• **Data for review**
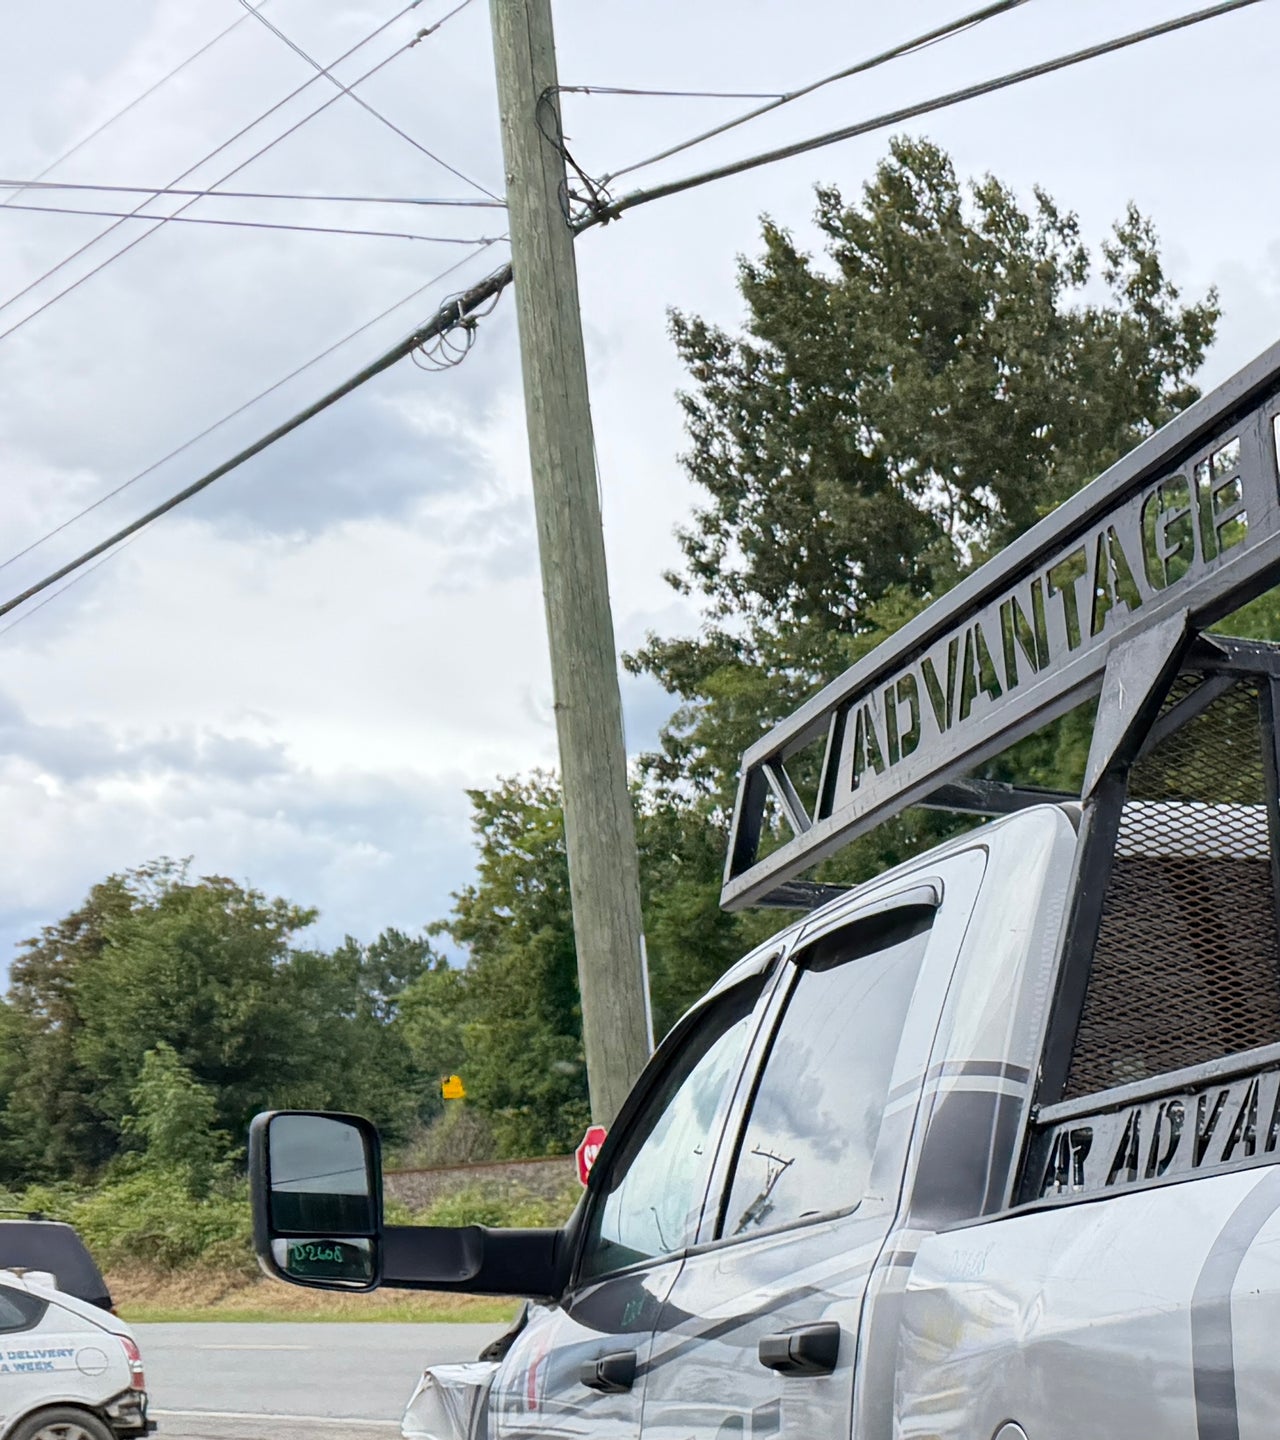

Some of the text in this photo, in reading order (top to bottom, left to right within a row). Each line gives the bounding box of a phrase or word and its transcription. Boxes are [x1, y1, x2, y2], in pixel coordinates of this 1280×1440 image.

[851, 436, 1248, 791] ADVANTAGE
[7, 1348, 75, 1360] DELIVERY
[13, 1361, 54, 1372] WEEK
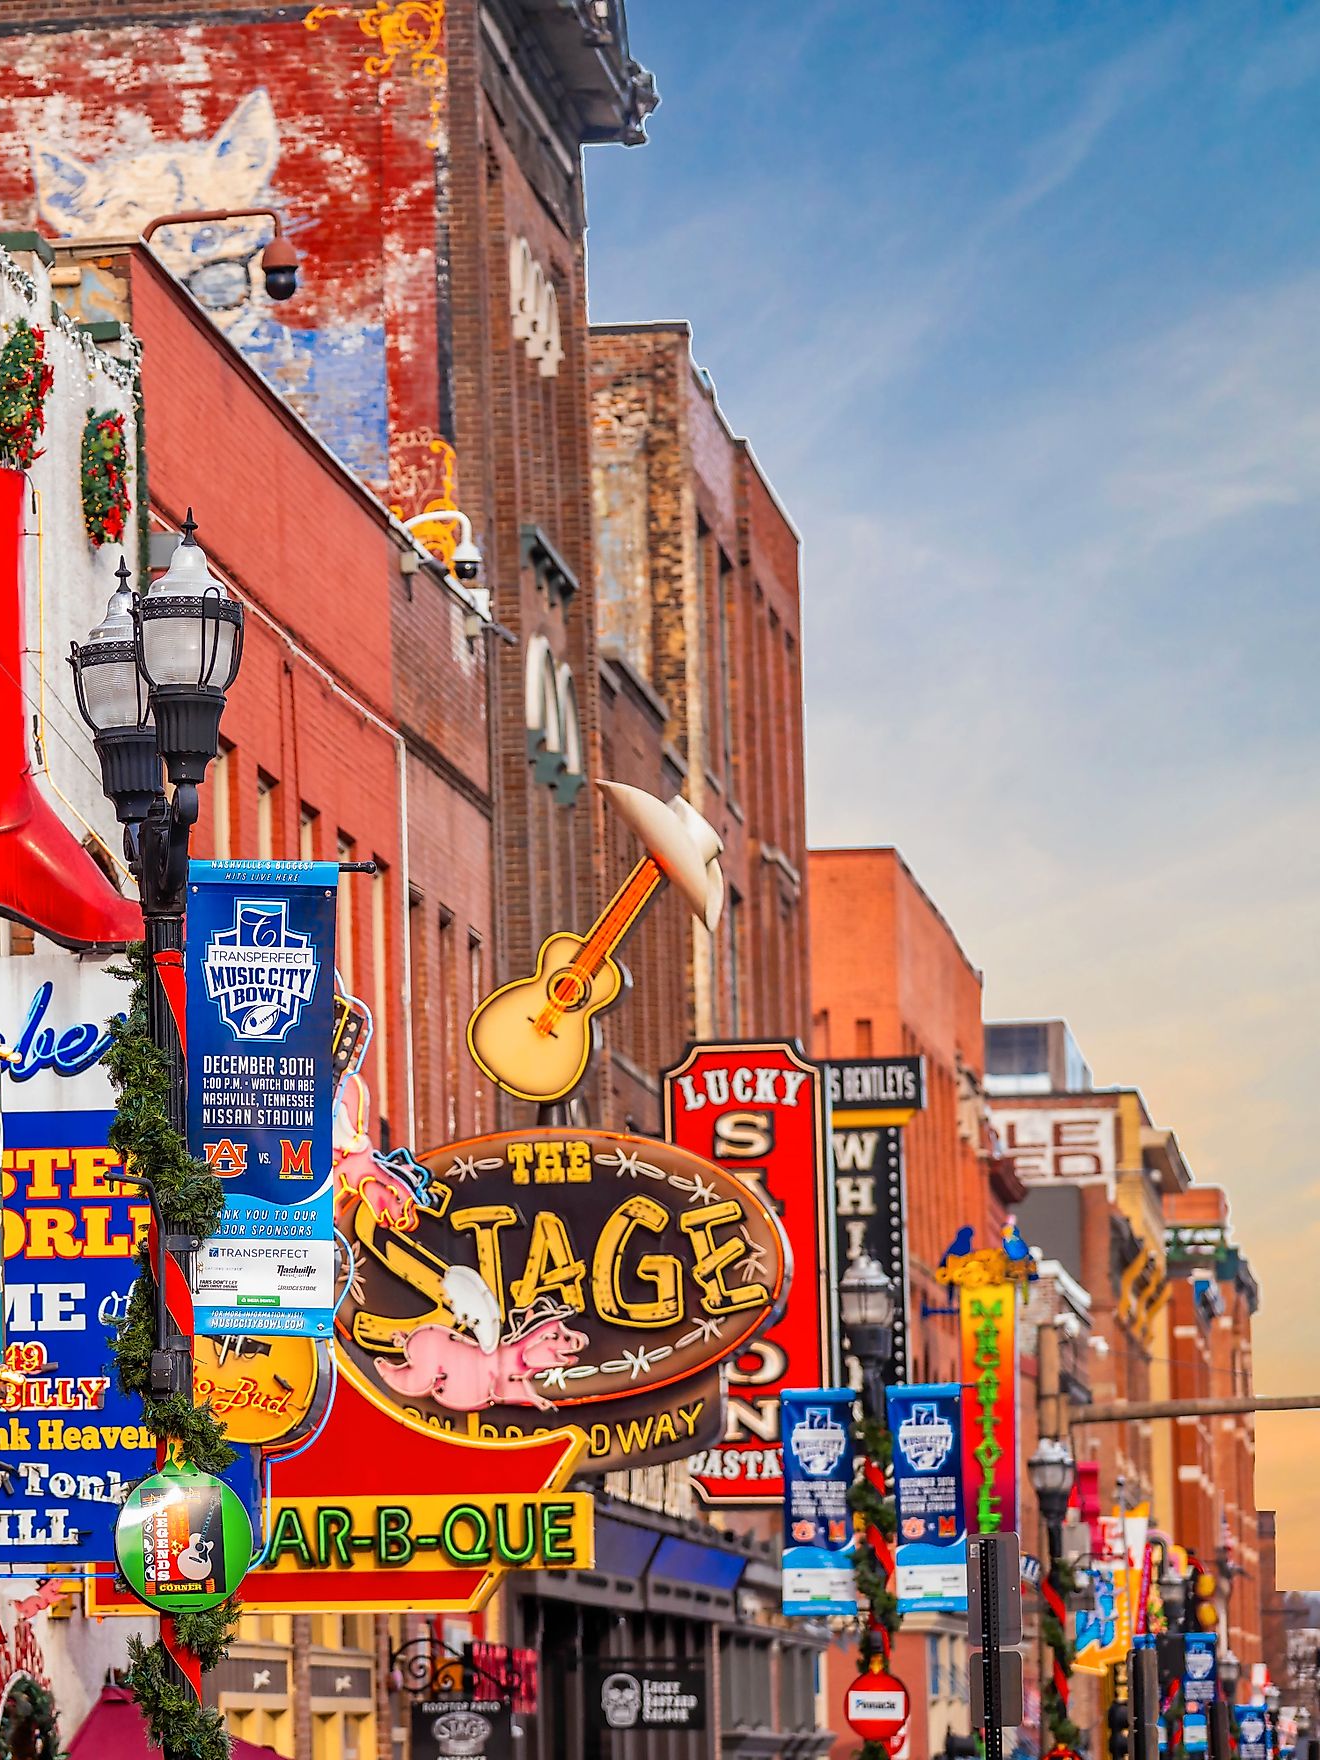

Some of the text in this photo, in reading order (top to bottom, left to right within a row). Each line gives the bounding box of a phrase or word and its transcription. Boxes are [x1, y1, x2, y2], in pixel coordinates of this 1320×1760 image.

[275, 862, 315, 871] BIGGEST
[224, 872, 300, 882] HITS LIVE HERE
[211, 950, 310, 965] TRANSPERFECT
[209, 966, 311, 993] MUSIC CITY
[233, 986, 287, 1008] BOWL
[203, 1055, 314, 1077] DECEMBER 30TH
[202, 1077, 315, 1091] 1:00 P.M. WATCH ON ABC
[677, 1067, 808, 1111] LUCKY
[202, 1092, 315, 1108] NASHVILLE, TENNESSEE
[202, 1108, 314, 1126] NISSAN STADIUM
[258, 1153, 271, 1164] VS.
[507, 1140, 592, 1186] THE
[217, 1210, 317, 1221] ANK YOU TO OUR
[215, 1225, 312, 1236] AJOR SPONSORS
[220, 1248, 308, 1259] TRANSPERFECT
[352, 1194, 770, 1354] STAGE
[5, 1283, 86, 1332] ME
[210, 1319, 305, 1330] MUSICCITYBOWL.COM
[0, 1376, 111, 1412] BILLY
[193, 1375, 294, 1416] o-Bud
[687, 1448, 784, 1481] BASTA
[19, 1462, 129, 1505] Tonk
[252, 1502, 576, 1566] AR-B-QUE
[159, 1582, 202, 1592] CORNER
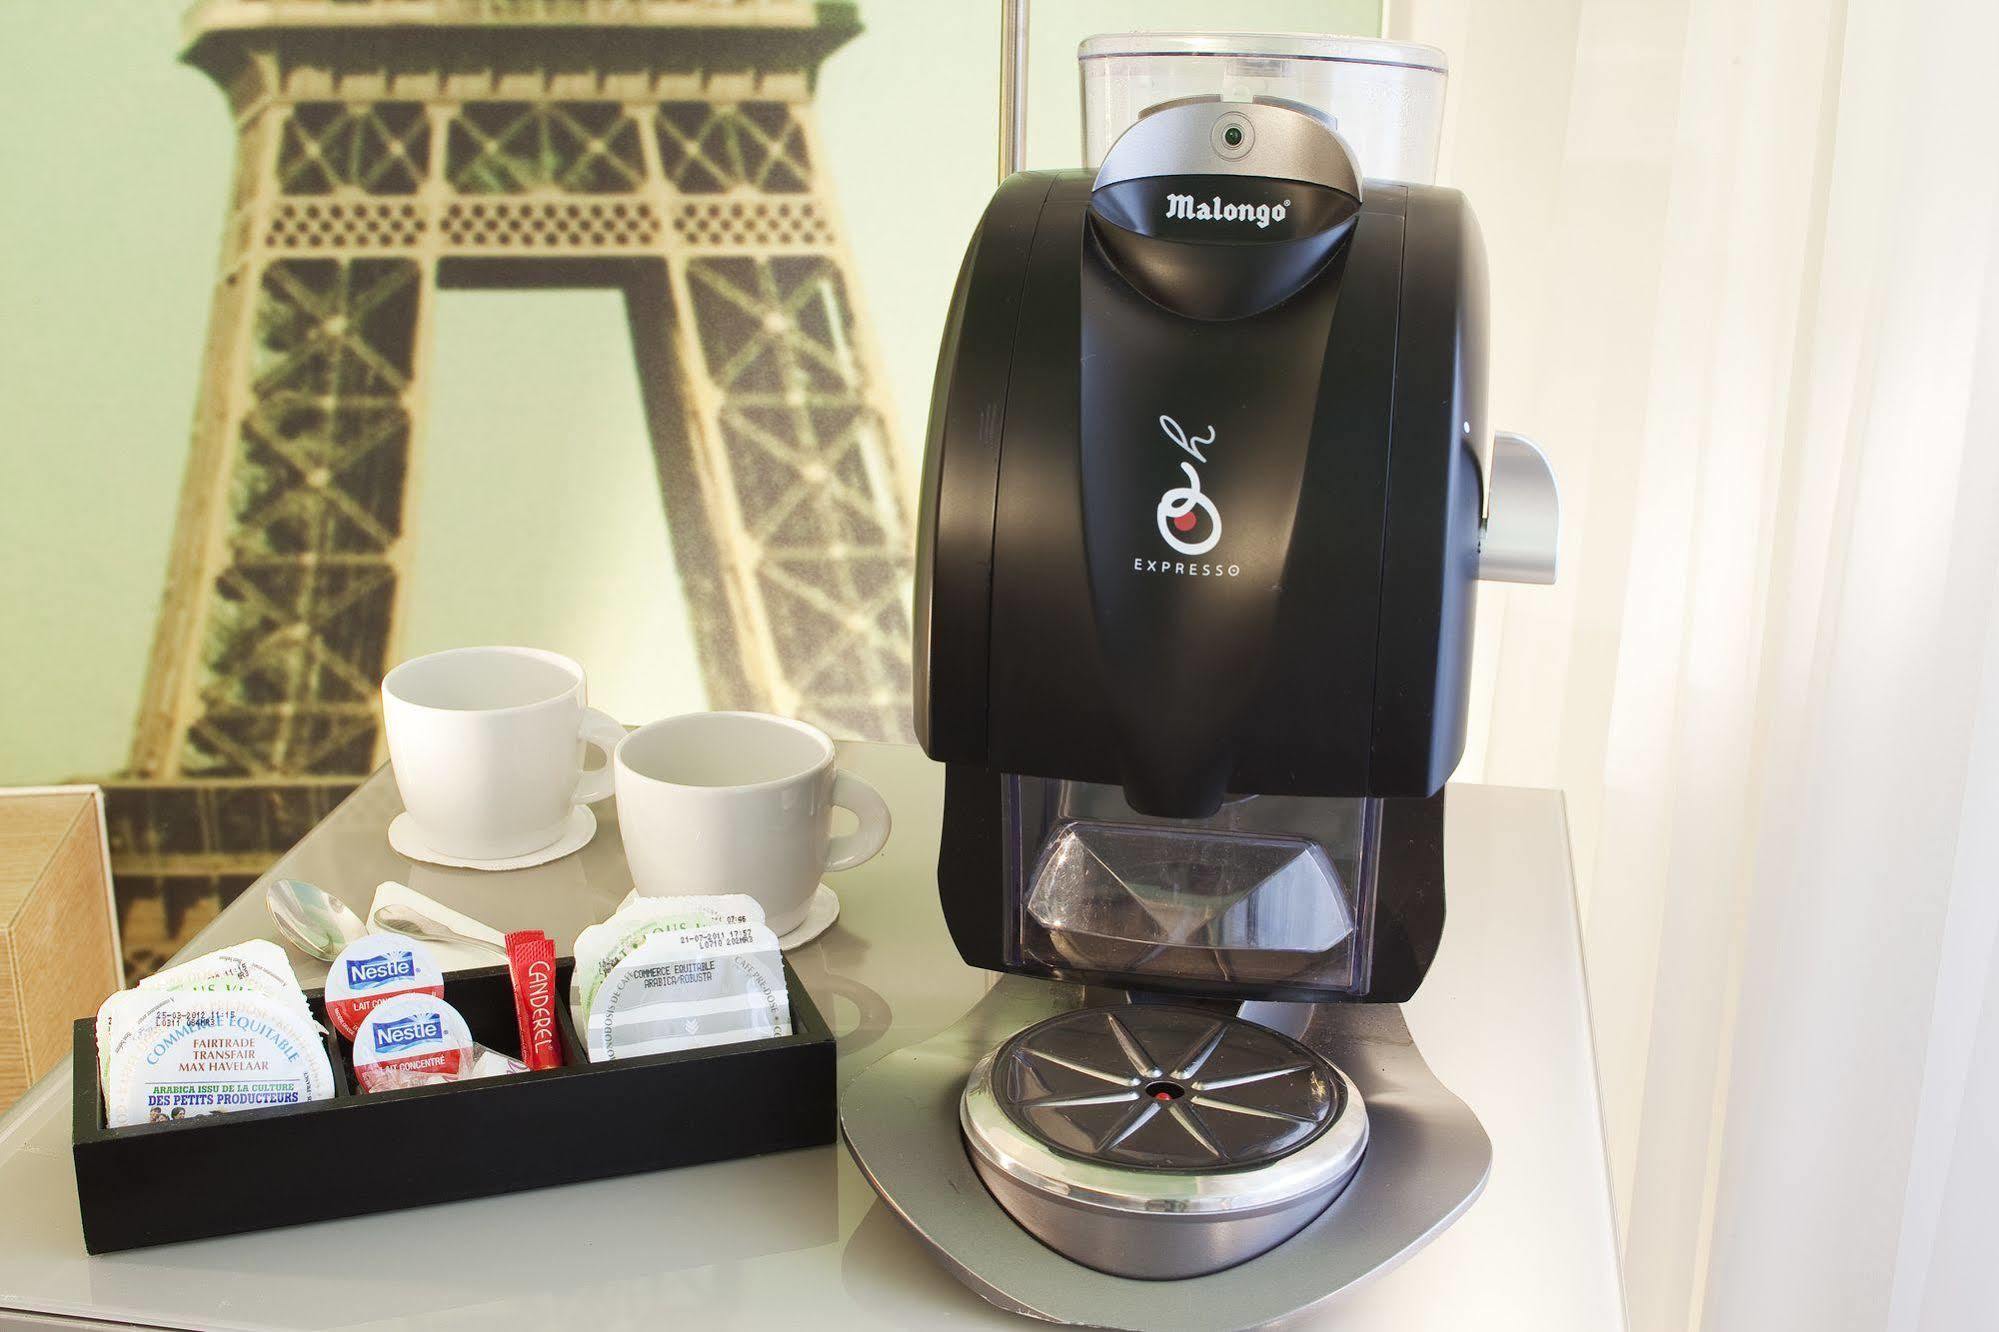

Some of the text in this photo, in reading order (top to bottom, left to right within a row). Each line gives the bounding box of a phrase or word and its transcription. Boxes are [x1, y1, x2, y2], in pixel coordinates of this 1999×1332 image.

[1165, 193, 1286, 229] Malongo
[1134, 557, 1240, 577] EXPRESSO
[633, 965, 671, 980] COMMERCE
[674, 960, 716, 974] EQUITABLE
[353, 1000, 371, 1012] LAIT
[529, 961, 554, 1053] CANDEREL
[193, 1038, 256, 1049] FAIRTRADE
[193, 1049, 256, 1060] TRANSFAIR
[178, 1061, 269, 1072] MAX HAVELAAR
[153, 1083, 295, 1094] ARABICA ISSU DE LA CULTURE
[148, 1094, 171, 1107] DES
[173, 1093, 214, 1106] PETITS
[217, 1092, 299, 1105] PRODUCTEURS

• **Exercise goal**
Write out the material above precisely, leaving each picture behind.

• **Solution to this problem**
Some of the text in this photo, in reading order (top to bottom, left to right within a row). Each line gives the bounding box of a phrase or word and its transcription. Boxes are [x1, y1, x2, y2], in pixel coordinates of this 1280×1440 image.

[851, 436, 1248, 791] ADVANTAGE
[7, 1348, 75, 1360] DELIVERY
[13, 1361, 54, 1372] WEEK

Some of the text in this photo, in reading order (top to bottom, left to right within a row). Each line gives the bounding box of a phrase or word and its transcription. Boxes are [x1, y1, x2, y2], in pixel coordinates of this 1320×1760 image.

[275, 862, 315, 871] BIGGEST
[224, 872, 300, 882] HITS LIVE HERE
[211, 950, 310, 965] TRANSPERFECT
[209, 966, 311, 993] MUSIC CITY
[233, 986, 287, 1008] BOWL
[203, 1055, 314, 1077] DECEMBER 30TH
[202, 1077, 315, 1091] 1:00 P.M. WATCH ON ABC
[677, 1067, 808, 1111] LUCKY
[202, 1092, 315, 1108] NASHVILLE, TENNESSEE
[202, 1108, 314, 1126] NISSAN STADIUM
[258, 1153, 271, 1164] VS.
[507, 1140, 592, 1186] THE
[217, 1210, 317, 1221] ANK YOU TO OUR
[215, 1225, 312, 1236] AJOR SPONSORS
[220, 1248, 308, 1259] TRANSPERFECT
[352, 1194, 770, 1354] STAGE
[5, 1283, 86, 1332] ME
[210, 1319, 305, 1330] MUSICCITYBOWL.COM
[0, 1376, 111, 1412] BILLY
[193, 1375, 294, 1416] o-Bud
[687, 1448, 784, 1481] BASTA
[19, 1462, 129, 1505] Tonk
[252, 1502, 576, 1566] AR-B-QUE
[159, 1582, 202, 1592] CORNER

Some of the text in this photo, in reading order (top to bottom, left to right within a row). Each line gives the bounding box of a phrase or word and its transcription. Boxes are [x1, y1, x2, y2], in pixel coordinates of this 1999×1332 image.

[1165, 193, 1286, 229] Malongo
[1134, 557, 1240, 577] EXPRESSO
[633, 965, 671, 980] COMMERCE
[674, 960, 716, 974] EQUITABLE
[353, 1000, 371, 1012] LAIT
[529, 961, 554, 1053] CANDEREL
[193, 1038, 256, 1049] FAIRTRADE
[193, 1049, 256, 1060] TRANSFAIR
[178, 1061, 269, 1072] MAX HAVELAAR
[153, 1083, 295, 1094] ARABICA ISSU DE LA CULTURE
[148, 1094, 171, 1107] DES
[173, 1093, 214, 1106] PETITS
[217, 1092, 299, 1105] PRODUCTEURS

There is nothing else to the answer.